The nonprofit’s policy experts lay out the best ways for state, county and city officials to disperse the massive amounts of money coming their way

By Jason Langendorf

May 13, 2021

Amid a swirl of litigation across the country aimed at holding accountable the drug manufacturers and distributors who have been accused of fueling the opioid crisis, a group of addiction policy experts proposed recommendations for the best use of any settlement funds to come.

Last week Pew Charitable Trusts published a set of guidelines in Governing that are aimed at state, county and municipal officials who are expected to receive a settlement windfall in the aftermath of sweeping opioid litigation.

“It’s important for policymakers and lawmakers to start thinking about and planning for these dollars that will be coming to the states and counties because they have been the ones to bring suit,” says Beth Connolly, project director of the Substance Use Prevention and Treatment Initiative at Pew Charitable Trusts. “And they need to start planning now in order to ensure that the opioid settlement funds are used to address the opioid crisis that we have.”

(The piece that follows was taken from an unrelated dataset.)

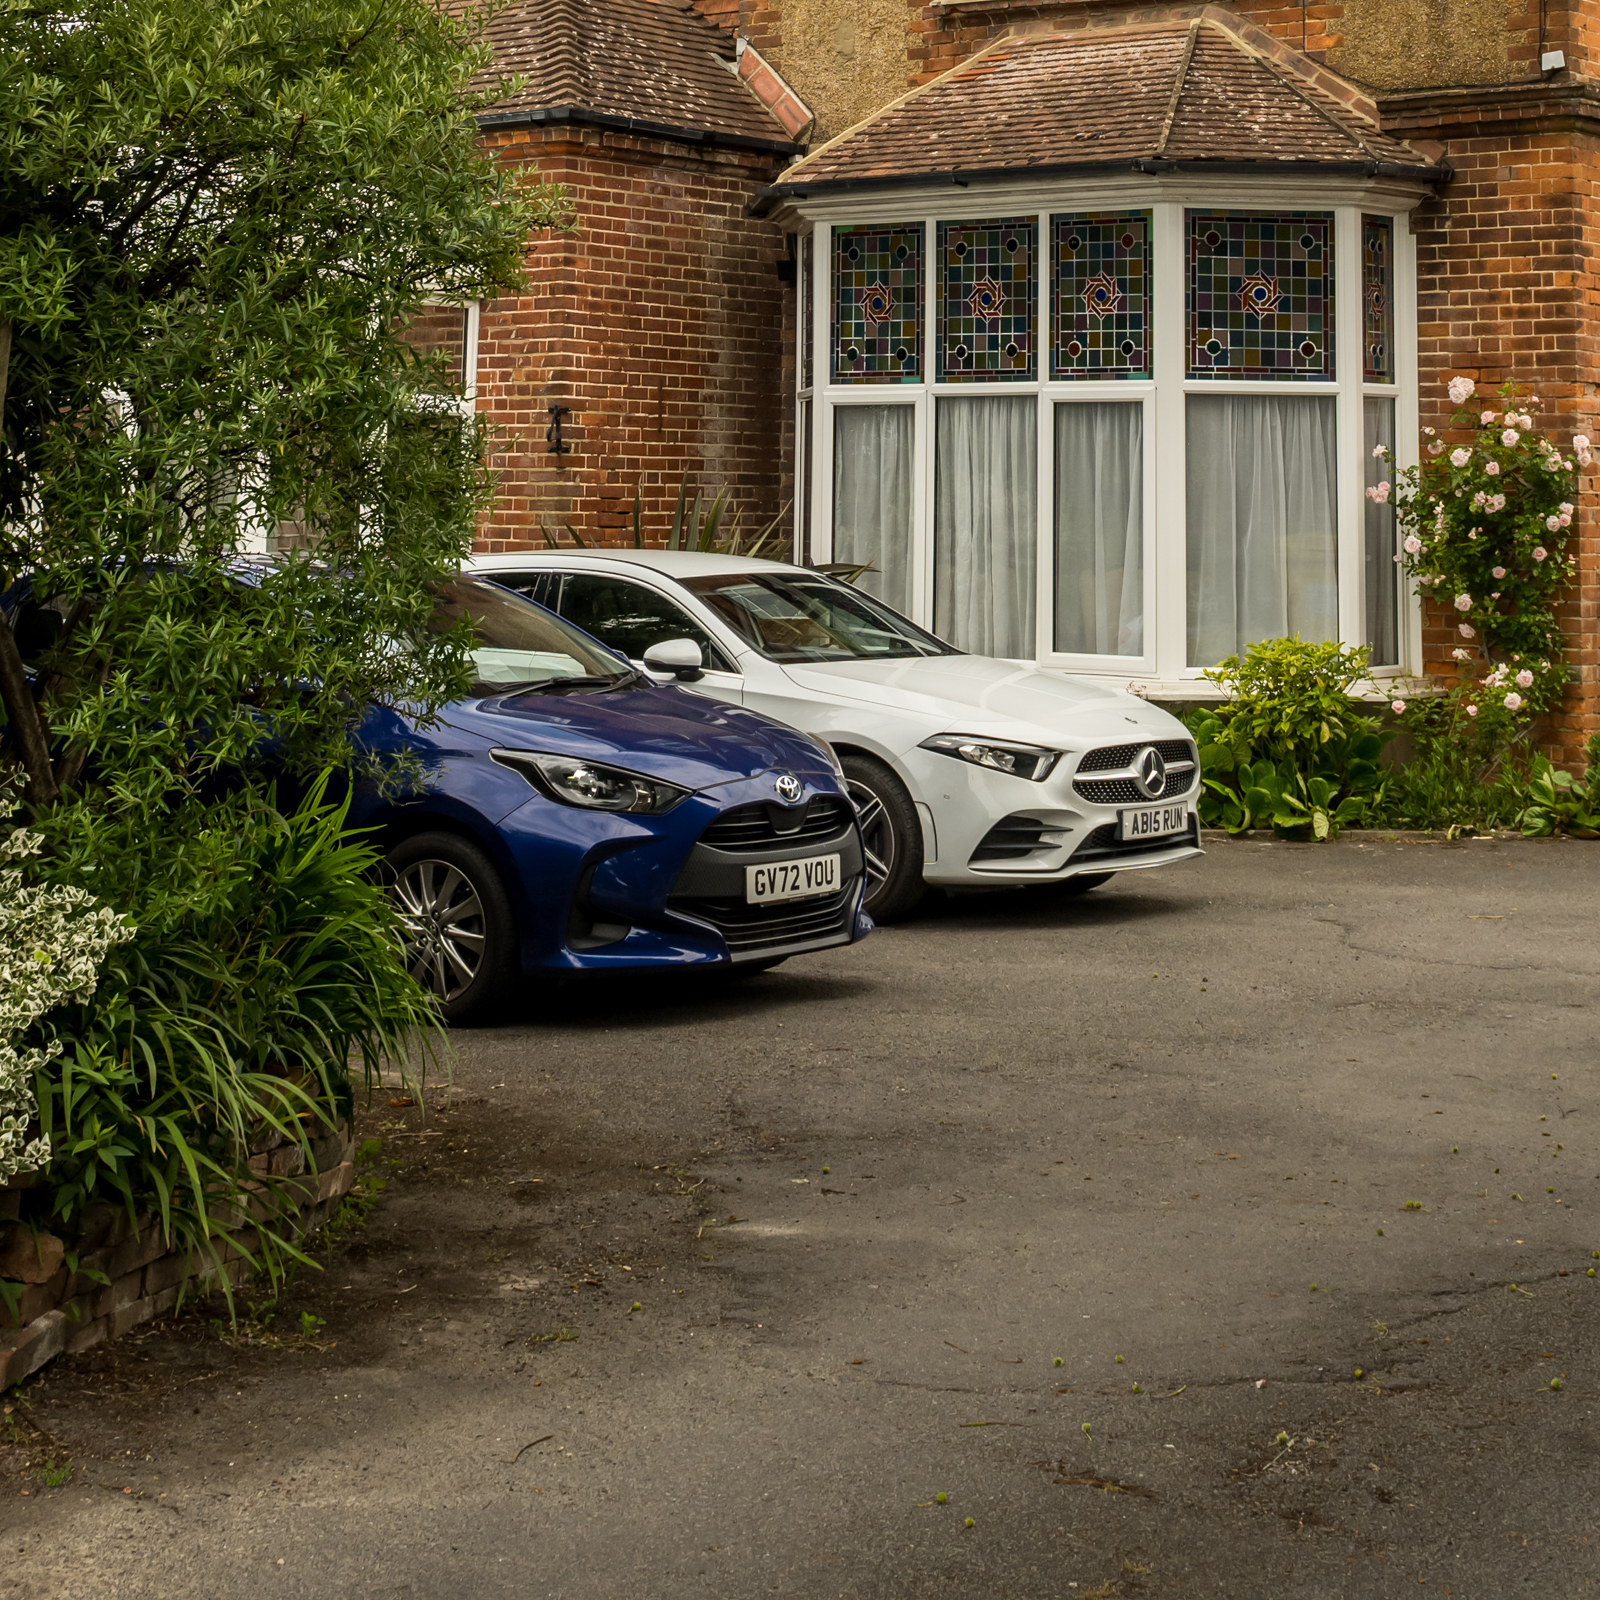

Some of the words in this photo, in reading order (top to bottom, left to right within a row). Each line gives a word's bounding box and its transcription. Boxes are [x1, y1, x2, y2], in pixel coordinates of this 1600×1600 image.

“All That Money Is Blood Money”

The settlement concerns of addiction experts are well-founded. In February, for example, the state of New York received $32 million in funding from a total $573 million settlement between 47 state attorneys general and McKinsey & Company, a consulting firm that worked with opioid maker Purdue Pharma, among others. But according to The Buffalo News, nearly two-thirds of that money was diverted to the state’s general fund, while the rest went toward funding a medication-assisted treatment (MAT) prison program at the same level as the previous year.

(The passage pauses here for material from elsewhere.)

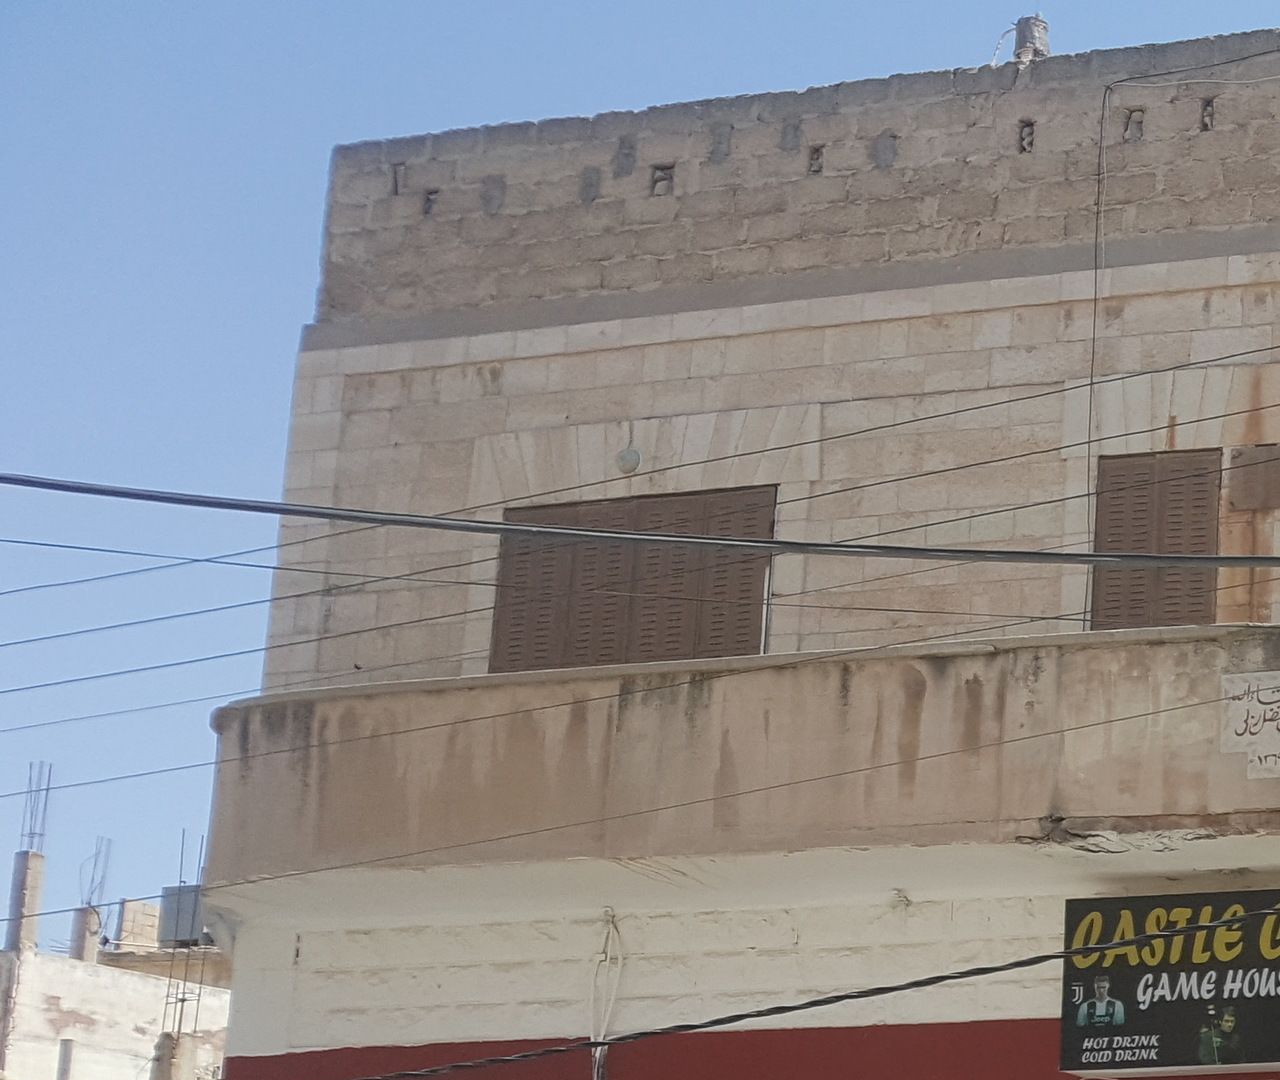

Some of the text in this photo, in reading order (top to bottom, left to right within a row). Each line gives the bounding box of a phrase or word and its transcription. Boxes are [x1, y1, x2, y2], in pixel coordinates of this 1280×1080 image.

[1071, 904, 1246, 969] CASTLE
[1136, 970, 1217, 1010] GAME
[1081, 1048, 1159, 1063] COLD DRINK
[1082, 1034, 1160, 1050] HOT DRINK

That money is coming to the state on the backs of people who died from opiates. It should go to the people who need it the most—the people suffering from addiction and mental health [conditions].”—Avi Israel, founder and president of Save the Michaels of the World, to “The Buffalo News”

“All that money is blood money,” Avi Israel, founder and president of the addiction treatment resource Save the Michaels of the World, told The Buffalo News. Israel, whose son died by suicide in 2014 after he couldn’t gain entry to a treatment facility, later founded Save the Michaels of the World. “That money is coming to the state on the backs of people who died from opiates,” Israel told the paper. “It should go to the people who need it the most—the people suffering from addiction and mental health [conditions].”

In West Virginia, where opioid prescription and overdose rates have been among the highest in the country, a trial began on May 10 in which Cabell County claims opioid distributors McKesson Corporation, AmerisourceBergen and Cardinal Health failed to uphold their responsibilities under the Controlled Substances Act. It’s believed that the case could set a precedent to be followed for similar suits, at all levels, across the country.

Pew’s Opioid Settlement Guidelines

The strategies outlined by Connolly and her Pew colleague Jeff Chapman, who oversee the organization’s state fiscal health initiative and substance use prevention and treatment initiative, are based on the Principles for the Use of Funds from the Opioid Litigation. Authored and endorsed by a broad coalition of stakeholders coordinated by Johns Hopkins University, these principles encourage policymakers to:

  • Give priority to evidence-based programs and services that have been proven effective
  • Develop a multiyear budget
  • Publicly track and report spending

Policymakers need to sit down, examine where the gaps are in their systems—whether it is in recovery, treatment, harm reduction.”—Beth Connolly, Pew Charitable Trusts

Connolly emphasizes that it’s important for policymakers to support evidence-based solutions and create dedicated funds that are transparent and easily tracked by the public. She also believes settlement funds are best devoted to a one-time investment (Connolly and Chapman cite telehealth upgrades as an example) rather than funneling it into programs that will require long-term funding.

“The best return on investment requires a state-by-state examination, and that’s why planning is so important,” Connolly said. “Some states have a different infrastructure than other states, and so an investment in one state might not be the right investment for another state.

“Policymakers need to sit down, examine where the gaps are in their systems—whether it is in recovery, treatment, harm reduction. What are the appropriate gaps that should be filled by a one-time funding source or a time-limited funding source for each state?”